Zusätzlich trifft sich seit 2000 als Gremium der Fachleute das „FC NETZ Deutschland“ zwei Mal pro Jahr. Ein Curriculum für die Weiterbildung von Stützern wurde entwickelt und immer wieder angepasst und erweitert, Zertifizierungen wurden durchgeführt. In Zusammenarbeit mit der AG FC wurden die „Empfehlungen“ 2005 und 2011 gründlich überarbeitet (Bundesverband 2011).

 

In dem folgenden Jahrzehnt fand ein intensiver Austausch mit Fachleuten in Italien, der Schweiz, den USA und Großbritannien statt; nach acht überregionalen FC-Tagungen in München wurden zwei Internationale Tagungen veranstaltet (Heidelberg 2005, Basel 2009; Reader: Wegenke 2005 und Alfaré 2010).

Ziel des europäischen Austausches war unter anderem eine gemeinsame Langzeitstudie zu FC. Mit Kindern, die bisher mit FC nicht in Berührung gekommen waren, sollte ein FC-Training durchgeführt werden, und ihre Entwicklung sollte regelmäßig mit standardisierten Tests untersucht werden. Leider ließ sich dieses ehrgeizige Projekt aufgrund zu unterschiedlicher Voraussetzungen nicht durchführen:

Während in Italien Fachleute mitarbeiteten, die die Tests durchführen konnten, kamen die FC-Netz-Mitglieder aus dem pädagogisch-therapeutischen Bereich. Das Finden von geeigneten Klienten und die Gewinnung von medizinisch-psychologischen Fachkräften für die Durchführung der Tests erwies sich als zu aufwändig und nicht durchführbar.

Entwicklung in drei Ländern seit 2010

Nach der letzten großen FC-Tagung in Basel 2009 wurde die Problematik, dass in der öffentlichen Wahrnehmung so unterschiedliche Vorstellungen von FC bestehen, immer deutlicher.
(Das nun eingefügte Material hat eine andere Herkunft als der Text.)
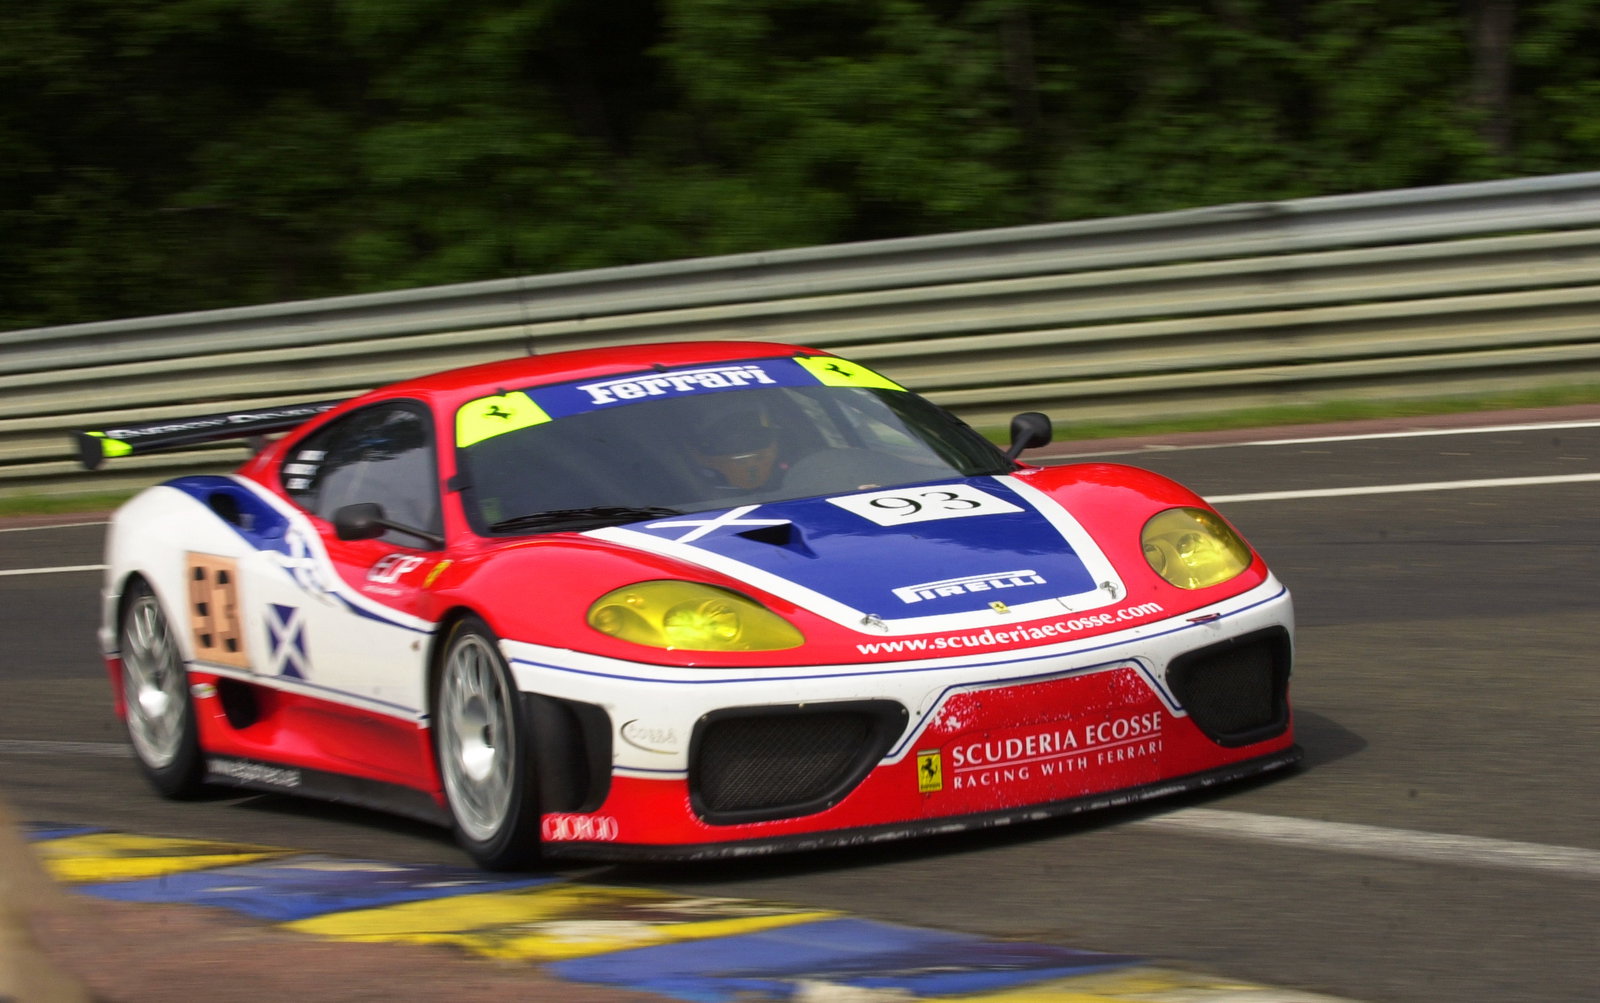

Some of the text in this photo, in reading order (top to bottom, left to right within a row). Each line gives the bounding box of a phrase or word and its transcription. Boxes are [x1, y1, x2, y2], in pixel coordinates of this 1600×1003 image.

Psychiater oder Entscheidungsträger (in Schulbehörden, Krankenkassen), die gehört haben, FC sei wissenschaftlich widerlegt, und dazu ein Kind erleben, das während des Tippens scheinbar unbeteiligt im Raum umherschaut, während der konzentrierte Stützer flüssig vorliest, werden ihre Vorurteile zu FC bestätigt finden. Dabei wird Stütze heute so vermittelt, dass das Kind immer sicherer und eigenständiger zu zeigen lernt – und das nicht nur, um skeptische Beobachter zu überzeugen. Wichtiger ist, dass das Kind sich selbst als handelnde Person erlebt, ein Stück Unabhängigkeit vom Stützer gewinnt, und die Gefahr unbewusster Beeinflussung sinkt. 

 

Innerhalb der europäischen Gruppe wurde intensiv darüber diskutiert, ob man den Begriff FC aufgeben müsse, da Standards wie z. B. die des FC Netz Deutschland („Empfehlungen“, s. o.) nicht allgemein durchgesetzt werden könnten und der Begriff häufig unerwünschte Assoziationen wecke. Da sich keine gemeinsame Lösung finden ließ, haben sich mittlerweile unterschiedliche Arbeitsrichtungen entwickelt, die jedoch interessante Perspektiven eröffnen.

 

Am stärksten sind die Veränderungen bei der italienischen Gruppe um Dr. Emberti (Neuroepidemiologe) und Dr. Francesca Benassi (Logopädin und Neuropsychologin), wo man sowohl den Begriff als auch die Definition von FC aufgegeben hat. Das „Centro Studi e Ricerca in Neuroriabilitazione“ (Studien- und Forschungszentrum für Neuro-Rehabilitation) in Rom, in Zusammenarbeit mit der Universität Tor Vergata, Rom, definiert die Arbeit mit W.O.C.E.™ (Written Output Communication Enhancement – Erweiterung der Kommunikation durch schriftliche Äußerungen) auf ihrer homepage (www.cnapp.it) folgendermaßen:

 

„Woce™ ist nicht eine Methode, sondern ein Bündel von Strategien, die dazu dienen, die kognitive, soziale und kommunikative Entwicklung zu fördern. Das kognitive Training konzentriert sich

auf die geistige Flexibilität 

auf die Fähigkeiten, die Voraussetzungen für das Erlernen des Kommunikationsprozesses sind

auf den Erwerb symbolischer und nichtsymbolischer Kommunikationsfertigkeiten2

auf die Schriftsprache als Kommunikationsform, die alternativ zur gesprochenen Sprache eingesetzt werden kann.

 

Woce™ wendet sich an Menschen mit angeborenen oder erworbenen Kommunikations- oder Sprachstörungen jeden Alters. Woce™ bietet ein Training:

zum Erwerb der Fähigkeit, zielgerichtet auf etwas zu deuten, auch zu Kommunikationszwecken

zur Rehabilitation der Programmierung von Handlungen, die den Einsatz von Willkürmotorik erfordern, und zur Rehabilitation des Gebrauchs der Zeigebewegung (pointing) als Mittel, gemeinsame Aufmerksamkeit3 herzustellen, die die Voraussetzung für einen kommunikativen Austausch ist.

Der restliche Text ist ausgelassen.